Norveçli yazar Jostein Gaarder tarafından 1991 yılına ait olan bu romanın İngilizce başlığı Sophie’s World idi. Türkçeye Sofie’nin Dünyası diye çevrildi. Baş karakterimiz Sofie’nin dünyası! Bilenler bilir, bu isim boşuna konulmamıştır baş karakterimize. Sofie, aynı zamanda felsefe kelimesinden esinlenilerek konulmuş bir isimdir: Philo”sophy”. Aslına bakarsanız felsefeye alerjisi olanları da kapsayacak bir sürü okurun dünyasına, Sofie’nin Dünyası çok sevimli bir giriş yapmıştır. Hâlâ okumayan varsa şiddet(sizlik)le tavsiye ederiz.
Aslında benim anlatmak istediğim bundan sonrası.

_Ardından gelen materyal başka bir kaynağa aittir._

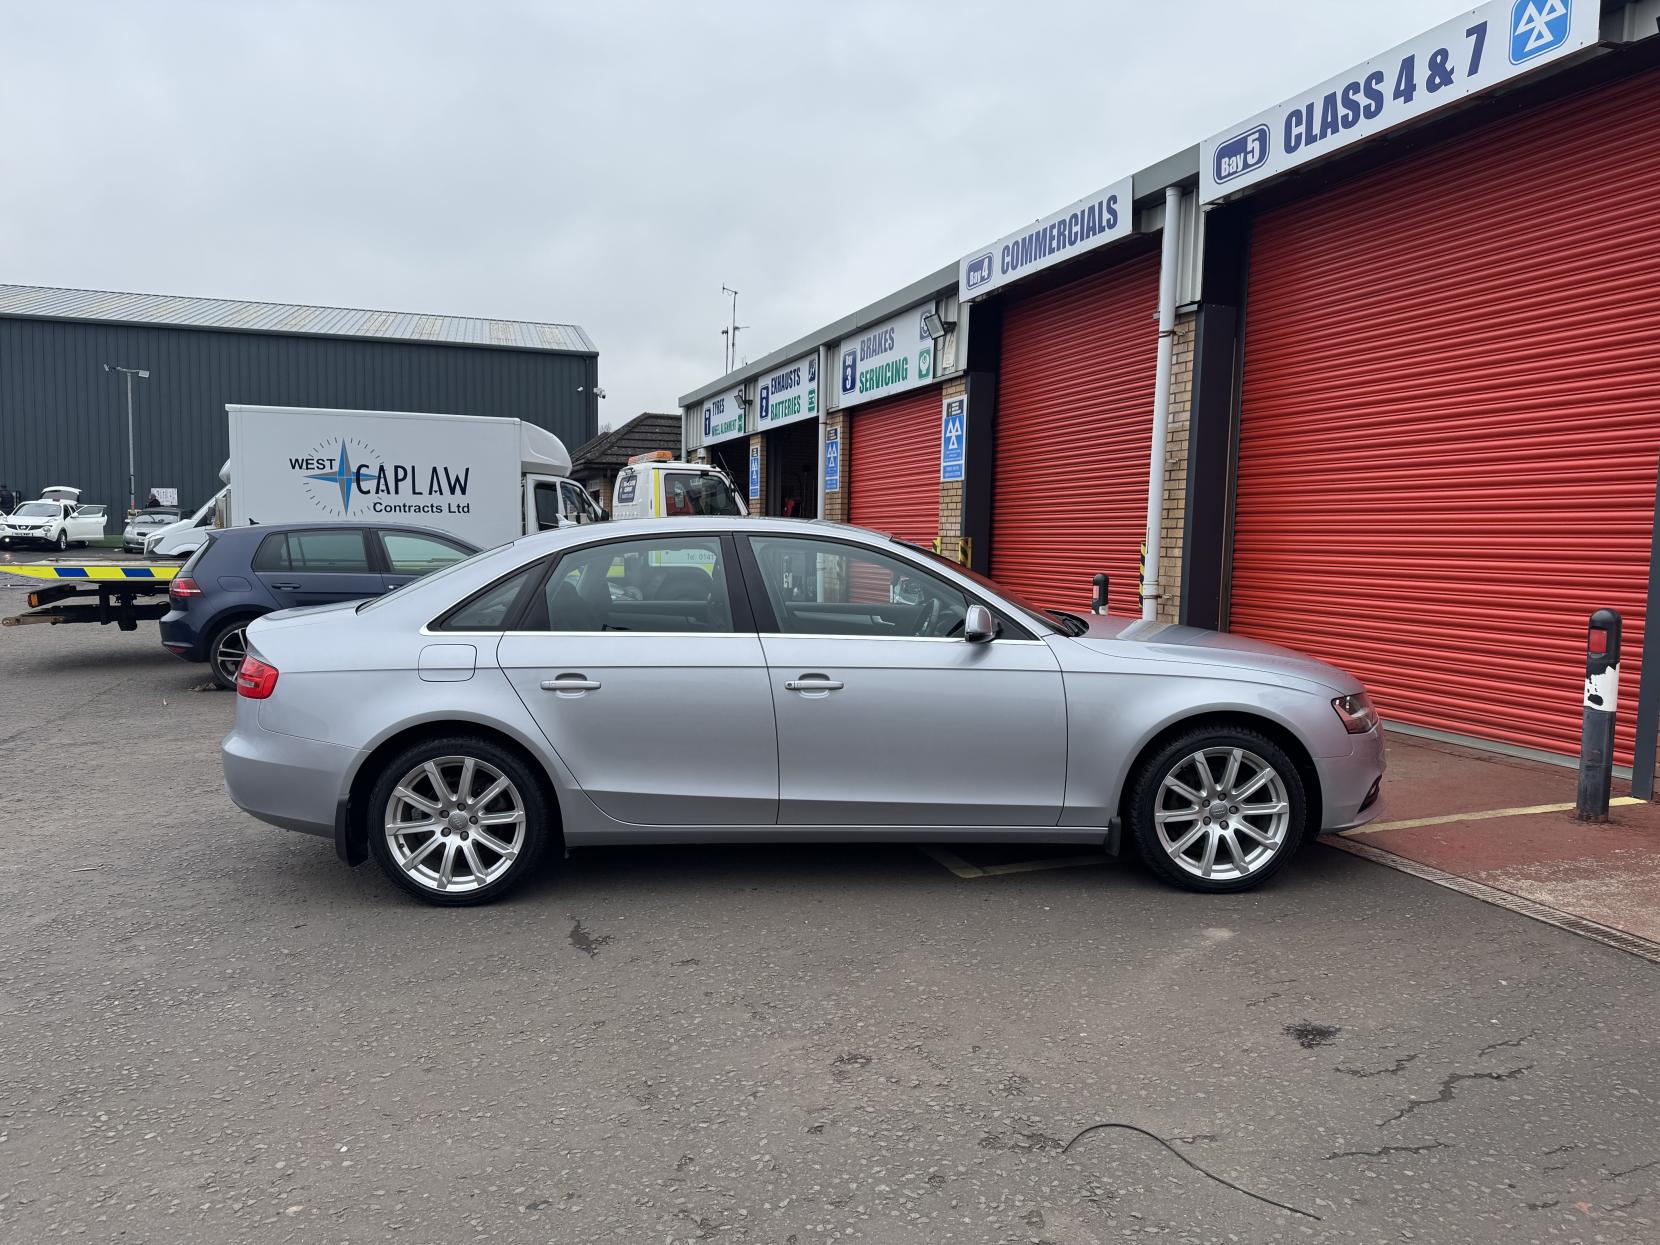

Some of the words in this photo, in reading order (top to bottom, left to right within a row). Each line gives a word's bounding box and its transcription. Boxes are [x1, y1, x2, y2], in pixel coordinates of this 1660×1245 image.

[1284, 71, 1384, 155] CLASS
[1393, 53, 1417, 105] 4
[1425, 47, 1455, 94] &
[1465, 20, 1488, 78] 7
[1221, 153, 1244, 177] Bay
[1246, 132, 1260, 165] 5
[1001, 194, 1118, 275] COMMERCIALS
[969, 271, 982, 284] Bay
[981, 258, 989, 279] 4
[860, 326, 895, 362] BRAKES
[771, 367, 801, 395] EXHAUSTS
[845, 367, 852, 389] 3
[859, 356, 909, 394] SERVICING
[712, 397, 725, 417] TYRES
[761, 400, 767, 417] 2
[770, 395, 801, 421] BATTERIES
[289, 458, 336, 471] WEST
[355, 463, 470, 496] CAPLAW
[373, 501, 443, 514] Contracts
[448, 502, 470, 514] Ltd
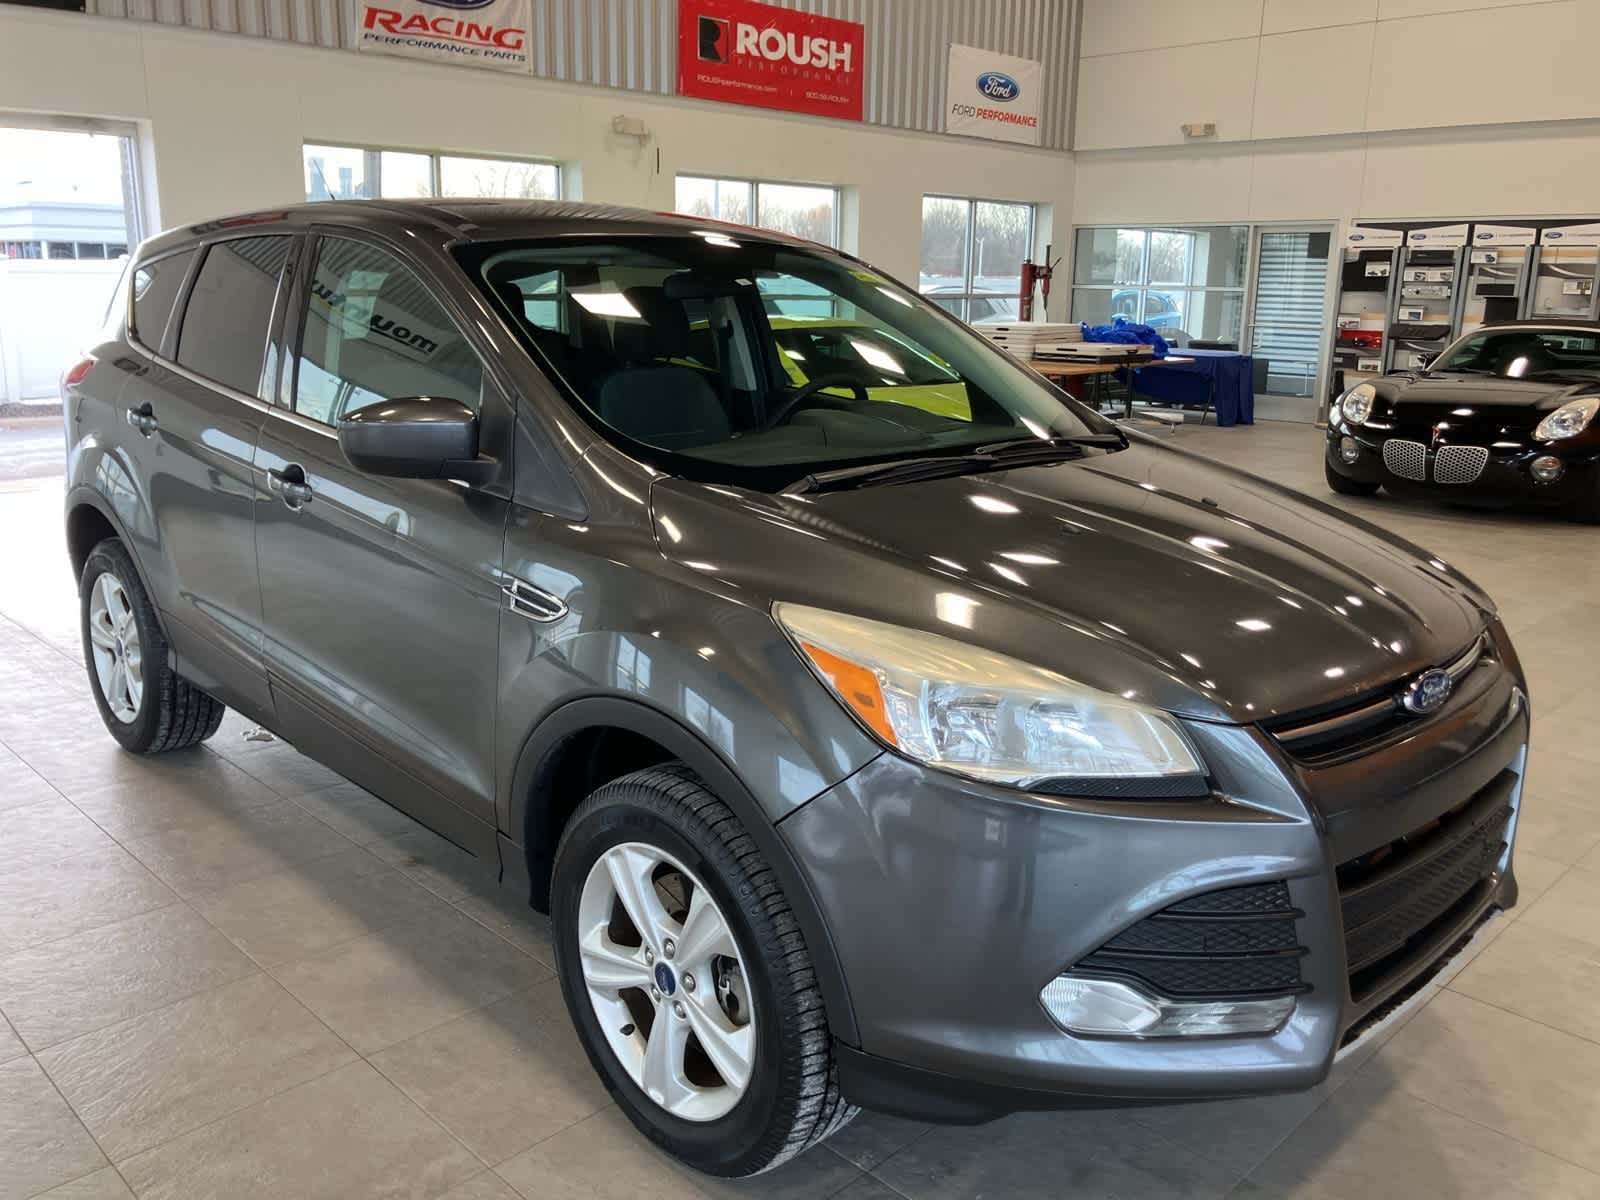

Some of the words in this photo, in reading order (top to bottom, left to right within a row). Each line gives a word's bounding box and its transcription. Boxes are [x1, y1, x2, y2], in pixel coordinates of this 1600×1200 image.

Bu kitabın hazırlanış şekli benim çok hoşuma gitmişti. Neden hoşuma gitmişti? Popülerliğin olumlu tarafından yararlanılarak birçok insanla felsefeyi bir şekilde buluşturmuş oldu da ondan. Şimdi bu şekilde bir kurguyla, popülerliğin de gücünü arkamıza alarak, farklı konuları ele alıp adeta bir seri haline getirmek mümkün. Buradan mesela tarihçilere bir kıyağımız olsun ve kitaplarının isim babalığını biz yapmış olalım. Kitabın İngilizcesi Tori’s World olsun. History’den esinlendiğim gayet açık sanırım; ancak ismini biz bulduğumuz için Türkçe olarak Tori’nin Dünyası demeyelim de, “tarih” kelimesinden esinlenip Tari’nin Dünyası diyelim. Koca bir dünya tarihini roman tadında okumayı kim istemez ki!
Şu sıralar okuduğum bir kitap var. Peri Masalı. Pınar Aylin’in ilk kitabı. İkincisi de pek yakında çıkacak. Pınar Aylin’in ilk kitabını da bu şekilde değerlendirebiliriz. Toplumsal gelişime de çok büyük katkıları olacak olan kişisel gelişim kitaplarına burun kıvıran ya da bir şekilde henüz tanışmamış olan okuyucu kitlesine bir roman tadında veriyor. Ben kişisel gelişim kitaplarına da çoğu zaman yer veririm. Bu nedenle Peri Masalı’nda hem güzel bir roman okuma keyfi yaşadım hem de kişisel gelişim konusunda daha önce okumadığım ya da okuyup da tekrar üzerinden geçme fırsatı bulduğum konulardan da oldukça faydalandım. Bu nedenle Peri Masalı’nı Sofie’nin Dünyası’na benzettim. Kitabın ismi bir de Peri’nin Dünyası olsaymış tam olurmuş.
Peri Masalı, kurgu olarak Hakan Günday’ın Kinyas ve Kayra’sına da benziyor. Bir bölüm dış dünyadan, ki bu roman kısmı oluyor; diğer bölüm ise roman kahramanımız Peri’nin roman içinde, iç dünyamızı yansıtan bölümüyle devam ediyor. Kısacası bir bölüm dış dünyadan bir bölüm iç dünyadan olmak üzere güzel bir sarmal yakalanmış kitapta.
Kitabın tanıtım kısmında Umberto Eco’nun Ortaçağ teolojsini romanlaştırma gücünün, Sofie’nin Dünyası’nda felsefede gösterildiği söyleniyor. Umberto Eco ile “Ortaçağ teolojisine”, Gaarder ile “felsefe”ye, Pınar Aylin ile “kişisel gelişim”e yelken açılan bu gizemli dünyalara, umarım tarih ve diğer bilim dalları gibi pek çok konu giriş yapar ve biz de bu serileri zevkle okuruz. Hep yazarlar okurlarını yönlendirecek değil ya, bi’ kere de biz, yazarları yönlendirmiş olalım. O kadar da burunlarından kıl aldırsınlar artık!